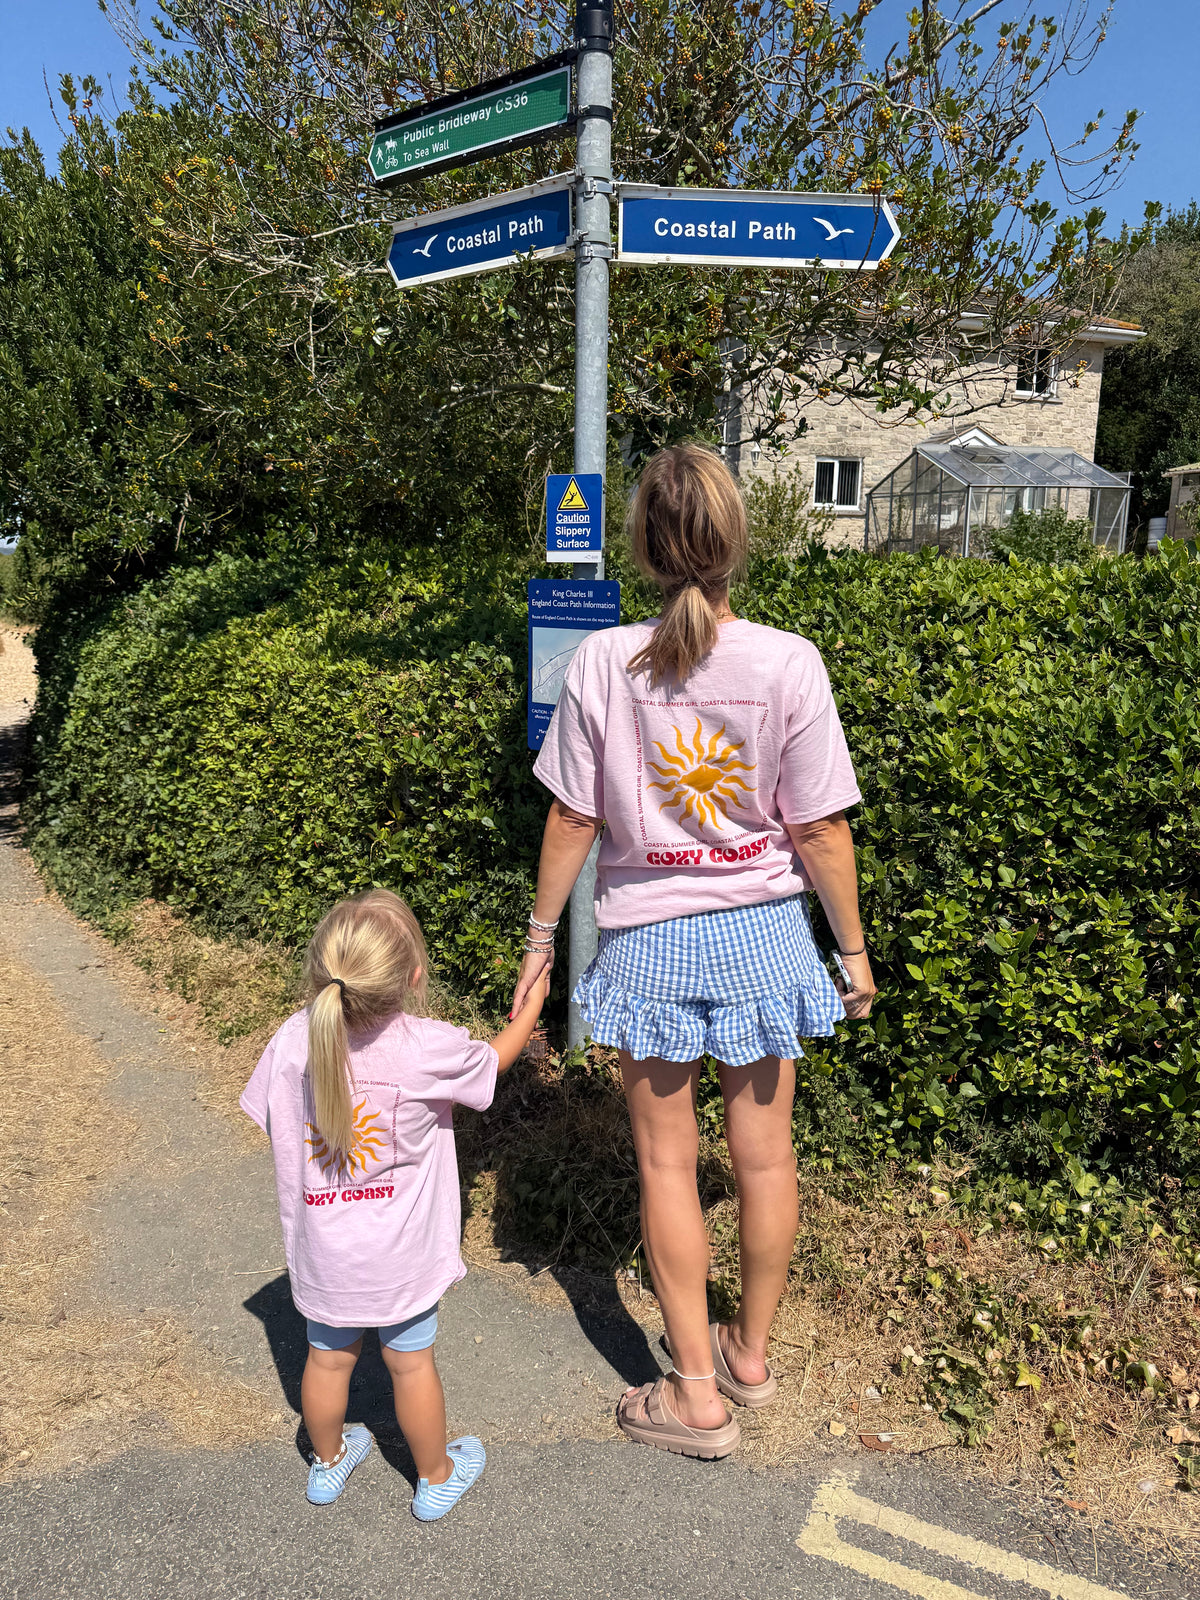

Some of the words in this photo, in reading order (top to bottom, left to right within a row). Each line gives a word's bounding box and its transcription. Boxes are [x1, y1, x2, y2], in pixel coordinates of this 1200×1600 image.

[403, 125, 434, 144] Public
[438, 104, 492, 133] Bridleway
[495, 91, 528, 114] CS36
[403, 152, 413, 163] To
[414, 147, 430, 159] Sea
[431, 139, 450, 153] Wall
[446, 224, 501, 253] Coastal
[508, 215, 544, 239] Path
[654, 217, 736, 239] Coastal
[749, 220, 796, 240] Path
[556, 513, 590, 523] Caution
[555, 526, 591, 537] Slippery
[556, 539, 590, 548] Surface
[552, 589, 564, 599] King
[565, 590, 586, 598] Charles
[531, 599, 551, 608] England
[553, 600, 568, 608] Coast
[570, 600, 582, 608] Path
[583, 601, 616, 609] Information
[632, 697, 656, 707] COASTAL
[701, 699, 727, 707] COASTAL
[756, 700, 768, 708] GIRL
[634, 720, 642, 746] SUMMER
[639, 815, 648, 841] COASTAL
[646, 848, 703, 866] COZY
[709, 835, 770, 863] COAST
[671, 840, 696, 848] SUMMER
[341, 1185, 394, 1203] COAST
++++++++
GOAL OF THE EXERCISE
Print the material exactly as given, but not the pictures.

EXPECTED ANSWER
Some of the words in this photo, in reading order (top to bottom, left to right within a row). Each line gives a word's bounding box and its transcription. Boxes are [x1, y1, x2, y2], in pixel coordinates of this 1200×1600 image.

[403, 125, 434, 144] Public
[438, 104, 492, 133] Bridleway
[495, 91, 528, 114] CS36
[403, 152, 413, 163] To
[414, 147, 430, 159] Sea
[431, 139, 450, 153] Wall
[446, 224, 501, 253] Coastal
[508, 215, 544, 239] Path
[654, 217, 736, 239] Coastal
[749, 220, 796, 240] Path
[556, 513, 590, 523] Caution
[555, 526, 591, 537] Slippery
[556, 539, 590, 548] Surface
[552, 589, 564, 599] King
[565, 590, 586, 598] Charles
[531, 599, 551, 608] England
[553, 600, 568, 608] Coast
[570, 600, 582, 608] Path
[583, 601, 616, 609] Information
[632, 697, 656, 707] COASTAL
[701, 699, 727, 707] COASTAL
[756, 700, 768, 708] GIRL
[634, 720, 642, 746] SUMMER
[639, 815, 648, 841] COASTAL
[646, 848, 703, 866] COZY
[709, 835, 770, 863] COAST
[671, 840, 696, 848] SUMMER
[341, 1185, 394, 1203] COAST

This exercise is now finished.